= Jan Buckner Walker =

American crossword compiler

Jan Buckner Walker (born 1963) is a nationally syndicated (in the United States) crossword puzzle creator, author and games creator.

== Early life and education ==
Buckner Walker was born in Cleveland, Ohio and grew up in Silver Spring, Maryland with her sister, Lori. She graduated with a Bachelor of Arts in journalism from Howard University in 1985 and subsequently earned her Juris Doctor from the University of Pennsylvania Law School where she also served as an editor for the school's Law Review. After two years of law firm practice, she moved to Chicago, Illinois where she continued practicing law. During this time, she began volunteer tutoring and seeking creative ways to engage her students. She then wrote several children's picture book manuscripts and worked with a marketing firm creating web strategies.

== Career as a creator ==
She is best known for her creation and distribution of the Kids Across Parents Down (KAPD) family crossword series. Dubbed "The Original Crossword Puzzle for Kids and Their Favorite Adults," the collaborative puzzles are distributed weekly through Tribune Media Services and feature across clues for children and down clues for parents.

All of the puzzles center on a lively and contemporary theme familiar to children and intriguing to parents with an eye toward fostering both family interaction and literacy. The series are primarily freeform style crosswords that focus on clever word play and quirky humor over the classic academic rigor of American-style (or newspaper–style crosswords), so a children's clue might be "What do you get when a cow dances?" (9 letters) (Answer: MILKSHAKE) while for adults a clue might be "What you find on the outside of every Will Smith compact disc" (7 letters) (Answer: RAPPER).

Since its first appearance in 2003 in The Washington Posts Kids Post, versions of the crosswords have been picked up by several publications, including the Los Angeles Times, Chicago Tribune, Detroit Free Press, Atlanta Journal-Constitution, Nickelodeon's Nick Jr. Family Magazine and Jack and Jill Magazine.

In 2007, the puzzles spawned a book series, launching with two titles to date, Crazy Critters and On the Go and also provides puzzle content for kids menus and other programs offered by various family-friendly venues, such as Cracker Barrel and McDonald's restaurants. Buckner Walker has also created billboard-size puzzles for the annual Los Angeles Times Book Festival held at University of California, Los Angeles and at events sponsored by the Boston Celtics.

In 2009, Buckner Walker launched Kids Across Teachers Down, a classroom version which extended the collaborative learning formula into schools.
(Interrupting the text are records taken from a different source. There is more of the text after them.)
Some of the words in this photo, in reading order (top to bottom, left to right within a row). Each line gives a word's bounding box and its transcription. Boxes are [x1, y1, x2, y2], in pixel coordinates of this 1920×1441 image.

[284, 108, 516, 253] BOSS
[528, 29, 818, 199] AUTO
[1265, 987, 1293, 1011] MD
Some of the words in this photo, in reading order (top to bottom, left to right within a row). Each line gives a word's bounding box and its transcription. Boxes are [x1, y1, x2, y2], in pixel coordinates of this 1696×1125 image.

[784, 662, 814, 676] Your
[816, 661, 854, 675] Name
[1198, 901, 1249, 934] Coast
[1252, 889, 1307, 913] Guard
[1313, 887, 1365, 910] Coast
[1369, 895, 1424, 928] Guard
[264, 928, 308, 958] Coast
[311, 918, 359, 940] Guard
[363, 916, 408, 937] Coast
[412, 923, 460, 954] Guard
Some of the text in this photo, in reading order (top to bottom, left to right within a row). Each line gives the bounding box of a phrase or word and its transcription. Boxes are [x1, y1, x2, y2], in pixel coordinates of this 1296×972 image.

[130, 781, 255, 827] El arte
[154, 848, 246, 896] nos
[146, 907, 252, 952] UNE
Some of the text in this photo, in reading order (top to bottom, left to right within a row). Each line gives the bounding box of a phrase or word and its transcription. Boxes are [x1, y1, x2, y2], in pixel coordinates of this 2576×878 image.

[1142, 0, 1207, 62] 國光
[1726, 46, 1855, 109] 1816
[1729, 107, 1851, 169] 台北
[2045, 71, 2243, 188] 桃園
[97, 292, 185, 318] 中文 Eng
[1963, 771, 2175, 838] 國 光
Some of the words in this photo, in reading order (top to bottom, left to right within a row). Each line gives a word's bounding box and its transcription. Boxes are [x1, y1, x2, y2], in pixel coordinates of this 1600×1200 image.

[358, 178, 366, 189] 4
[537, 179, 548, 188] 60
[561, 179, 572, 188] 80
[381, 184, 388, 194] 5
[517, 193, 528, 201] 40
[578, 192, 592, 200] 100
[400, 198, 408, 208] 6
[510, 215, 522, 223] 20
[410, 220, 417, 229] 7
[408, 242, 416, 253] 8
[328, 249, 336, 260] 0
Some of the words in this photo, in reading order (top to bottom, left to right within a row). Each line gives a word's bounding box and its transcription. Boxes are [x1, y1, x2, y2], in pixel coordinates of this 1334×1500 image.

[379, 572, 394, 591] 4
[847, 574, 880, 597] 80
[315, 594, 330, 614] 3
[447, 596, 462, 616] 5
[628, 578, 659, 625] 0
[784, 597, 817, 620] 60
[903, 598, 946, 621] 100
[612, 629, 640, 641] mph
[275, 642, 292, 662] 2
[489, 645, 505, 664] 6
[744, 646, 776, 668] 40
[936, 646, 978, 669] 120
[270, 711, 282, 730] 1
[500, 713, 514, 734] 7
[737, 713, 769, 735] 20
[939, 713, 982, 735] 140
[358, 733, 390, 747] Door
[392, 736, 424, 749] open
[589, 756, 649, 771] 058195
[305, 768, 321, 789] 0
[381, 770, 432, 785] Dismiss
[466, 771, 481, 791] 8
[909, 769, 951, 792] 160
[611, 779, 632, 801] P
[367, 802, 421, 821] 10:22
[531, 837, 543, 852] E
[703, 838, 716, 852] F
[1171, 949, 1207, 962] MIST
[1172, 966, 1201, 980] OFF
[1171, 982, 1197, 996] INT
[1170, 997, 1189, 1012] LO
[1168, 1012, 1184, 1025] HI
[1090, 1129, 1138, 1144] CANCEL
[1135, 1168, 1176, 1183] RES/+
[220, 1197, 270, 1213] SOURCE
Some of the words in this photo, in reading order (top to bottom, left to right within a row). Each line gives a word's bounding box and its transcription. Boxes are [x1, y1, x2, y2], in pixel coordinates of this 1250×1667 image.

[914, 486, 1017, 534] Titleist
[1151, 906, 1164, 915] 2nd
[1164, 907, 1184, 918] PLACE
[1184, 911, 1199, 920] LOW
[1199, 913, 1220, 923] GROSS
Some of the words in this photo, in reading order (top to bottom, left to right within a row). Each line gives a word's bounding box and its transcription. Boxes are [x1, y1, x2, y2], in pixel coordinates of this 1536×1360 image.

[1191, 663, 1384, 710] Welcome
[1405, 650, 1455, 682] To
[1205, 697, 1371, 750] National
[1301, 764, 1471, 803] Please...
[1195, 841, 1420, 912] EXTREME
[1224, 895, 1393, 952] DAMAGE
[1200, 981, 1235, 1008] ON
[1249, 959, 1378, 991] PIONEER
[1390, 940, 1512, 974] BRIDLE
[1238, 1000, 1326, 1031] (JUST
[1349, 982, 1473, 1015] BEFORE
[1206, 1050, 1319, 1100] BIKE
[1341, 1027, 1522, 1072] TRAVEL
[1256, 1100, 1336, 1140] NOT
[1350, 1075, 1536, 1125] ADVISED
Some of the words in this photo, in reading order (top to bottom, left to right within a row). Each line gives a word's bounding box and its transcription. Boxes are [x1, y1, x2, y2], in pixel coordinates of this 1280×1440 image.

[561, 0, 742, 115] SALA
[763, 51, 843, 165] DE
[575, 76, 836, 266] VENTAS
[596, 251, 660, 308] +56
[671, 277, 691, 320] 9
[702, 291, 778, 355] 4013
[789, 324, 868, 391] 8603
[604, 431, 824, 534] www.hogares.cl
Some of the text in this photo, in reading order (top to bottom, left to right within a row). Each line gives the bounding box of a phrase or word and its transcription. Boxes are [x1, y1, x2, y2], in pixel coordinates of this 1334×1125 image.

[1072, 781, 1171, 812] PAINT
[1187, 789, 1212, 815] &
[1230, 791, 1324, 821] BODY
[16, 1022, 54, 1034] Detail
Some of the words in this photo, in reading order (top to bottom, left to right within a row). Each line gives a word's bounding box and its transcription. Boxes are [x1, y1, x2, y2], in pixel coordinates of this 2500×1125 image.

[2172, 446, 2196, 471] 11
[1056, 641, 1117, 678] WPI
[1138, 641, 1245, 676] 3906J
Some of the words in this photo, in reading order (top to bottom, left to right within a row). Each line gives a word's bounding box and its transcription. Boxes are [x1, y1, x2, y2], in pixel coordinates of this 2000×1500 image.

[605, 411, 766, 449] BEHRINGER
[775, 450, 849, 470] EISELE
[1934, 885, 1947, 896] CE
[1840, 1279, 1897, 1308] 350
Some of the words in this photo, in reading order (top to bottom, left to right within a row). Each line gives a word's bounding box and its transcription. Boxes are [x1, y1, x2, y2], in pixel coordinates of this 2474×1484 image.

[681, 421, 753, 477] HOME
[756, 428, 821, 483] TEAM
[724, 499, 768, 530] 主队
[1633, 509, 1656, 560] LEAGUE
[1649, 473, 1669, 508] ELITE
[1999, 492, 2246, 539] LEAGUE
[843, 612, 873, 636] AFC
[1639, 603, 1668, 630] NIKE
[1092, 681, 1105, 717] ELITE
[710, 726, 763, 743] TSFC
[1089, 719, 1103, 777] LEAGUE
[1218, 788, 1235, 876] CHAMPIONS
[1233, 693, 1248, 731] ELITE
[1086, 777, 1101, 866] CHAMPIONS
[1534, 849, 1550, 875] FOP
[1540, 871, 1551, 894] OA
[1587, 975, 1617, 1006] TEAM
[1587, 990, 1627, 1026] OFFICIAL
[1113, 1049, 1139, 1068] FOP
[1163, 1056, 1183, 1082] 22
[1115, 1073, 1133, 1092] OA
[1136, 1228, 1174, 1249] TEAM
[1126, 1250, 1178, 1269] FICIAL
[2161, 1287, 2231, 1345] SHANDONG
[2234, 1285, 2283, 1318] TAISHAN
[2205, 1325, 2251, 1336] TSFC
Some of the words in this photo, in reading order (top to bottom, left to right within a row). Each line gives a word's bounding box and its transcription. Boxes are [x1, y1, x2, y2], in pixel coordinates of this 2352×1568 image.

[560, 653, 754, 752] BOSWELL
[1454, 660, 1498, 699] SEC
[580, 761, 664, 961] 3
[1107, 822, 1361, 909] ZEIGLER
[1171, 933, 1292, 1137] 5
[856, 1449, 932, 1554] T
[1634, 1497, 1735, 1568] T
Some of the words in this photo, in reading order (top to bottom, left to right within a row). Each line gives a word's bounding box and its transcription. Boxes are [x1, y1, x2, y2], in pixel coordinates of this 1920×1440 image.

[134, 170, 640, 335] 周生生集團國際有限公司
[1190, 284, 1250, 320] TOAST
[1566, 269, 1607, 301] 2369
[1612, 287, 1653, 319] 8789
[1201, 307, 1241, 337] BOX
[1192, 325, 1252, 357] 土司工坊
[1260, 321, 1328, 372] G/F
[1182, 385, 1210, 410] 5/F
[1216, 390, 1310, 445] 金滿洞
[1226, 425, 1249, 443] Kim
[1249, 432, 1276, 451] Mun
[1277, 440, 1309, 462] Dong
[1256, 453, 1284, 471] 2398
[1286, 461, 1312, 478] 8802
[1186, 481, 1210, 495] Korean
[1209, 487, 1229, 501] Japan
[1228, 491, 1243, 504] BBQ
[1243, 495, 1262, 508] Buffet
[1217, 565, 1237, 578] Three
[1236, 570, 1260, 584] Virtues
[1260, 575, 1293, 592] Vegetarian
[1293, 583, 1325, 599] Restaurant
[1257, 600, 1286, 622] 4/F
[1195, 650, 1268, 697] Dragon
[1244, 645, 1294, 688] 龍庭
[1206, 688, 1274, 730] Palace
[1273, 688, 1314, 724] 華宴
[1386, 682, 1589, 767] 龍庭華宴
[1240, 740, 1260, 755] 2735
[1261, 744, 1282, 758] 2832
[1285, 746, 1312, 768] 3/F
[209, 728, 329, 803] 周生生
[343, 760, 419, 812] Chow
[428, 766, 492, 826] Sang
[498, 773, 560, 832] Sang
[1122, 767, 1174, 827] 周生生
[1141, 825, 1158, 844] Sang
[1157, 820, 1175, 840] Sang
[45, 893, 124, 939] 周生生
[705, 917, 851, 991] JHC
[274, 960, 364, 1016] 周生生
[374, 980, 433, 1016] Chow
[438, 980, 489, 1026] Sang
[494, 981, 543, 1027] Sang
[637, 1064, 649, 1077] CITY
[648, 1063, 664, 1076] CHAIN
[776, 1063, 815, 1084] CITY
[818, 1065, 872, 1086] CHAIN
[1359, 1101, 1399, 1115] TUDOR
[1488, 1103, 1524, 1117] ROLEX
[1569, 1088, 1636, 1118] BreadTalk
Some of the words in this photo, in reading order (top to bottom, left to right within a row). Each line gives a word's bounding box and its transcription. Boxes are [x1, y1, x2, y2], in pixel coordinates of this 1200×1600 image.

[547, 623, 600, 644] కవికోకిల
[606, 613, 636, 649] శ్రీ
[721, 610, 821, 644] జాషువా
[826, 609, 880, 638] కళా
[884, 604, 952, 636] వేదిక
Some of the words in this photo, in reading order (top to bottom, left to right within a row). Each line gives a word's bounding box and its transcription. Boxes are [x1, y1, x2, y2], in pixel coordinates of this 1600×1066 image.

First published online at www.chicagotribune.com, the crossword encourages competition and collaboration with class vs. classroom and school vs. school tournaments.

Buckner Walker has also produced a number of other family activity brands, including First Letter Fun (a picture-based crossword puzzle for new and pre-readers) and Blackout (a multi-level puzzle slated for a book series and smart phone applications).

Buckner Walker is also well known for her creation of ethnic-oriented general interest crosswords for magazines such as Essence, Ebony and Rise Up. Previously, none of these publications had offered crosswords and, as such, she is credited with generating a groundswell of interest in crossword puzzles among members of the African-American community.

In 2010 Buckner Walker created UnhappenIt, dubbed "The Apology App," which provides users a quick and easy way to apologize online or via the Android smart phone, offering proposed language, recommended downloadable songs and various gifts to express a message apology. With its integration with Facebook and Twitter, the application also allows members to see and rank the apologies of others and to suggest songs for inclusion in the music database. Since its launch, the term "unhappen" has gained a viral momentum in social media and elsewhere and has been used by various journalists, media personalities and others in reference to one's desire to go back in time before an unfortunate occurrence.

== Awards ==
Kids Across Parents Down was awarded the Mr. Dad Seal of Approval and has been recognized by Fast Company as a "Rising Star" in its Fast 50 Companies competition. Additionally, following the release of the KAPD books, New York Times editor Will Shortz applauded the collaborative family concept as "a clever, fun way to introduce kids to crosswords and get their favorite adults involved at the same time," calling the puzzles "simultaneously whimsical and educational."

Buckner Walker, who was the recipient of the Goldstein Award for Excellence in Labor Law, was published in the University of Pennsylvania Law School Review in 1988.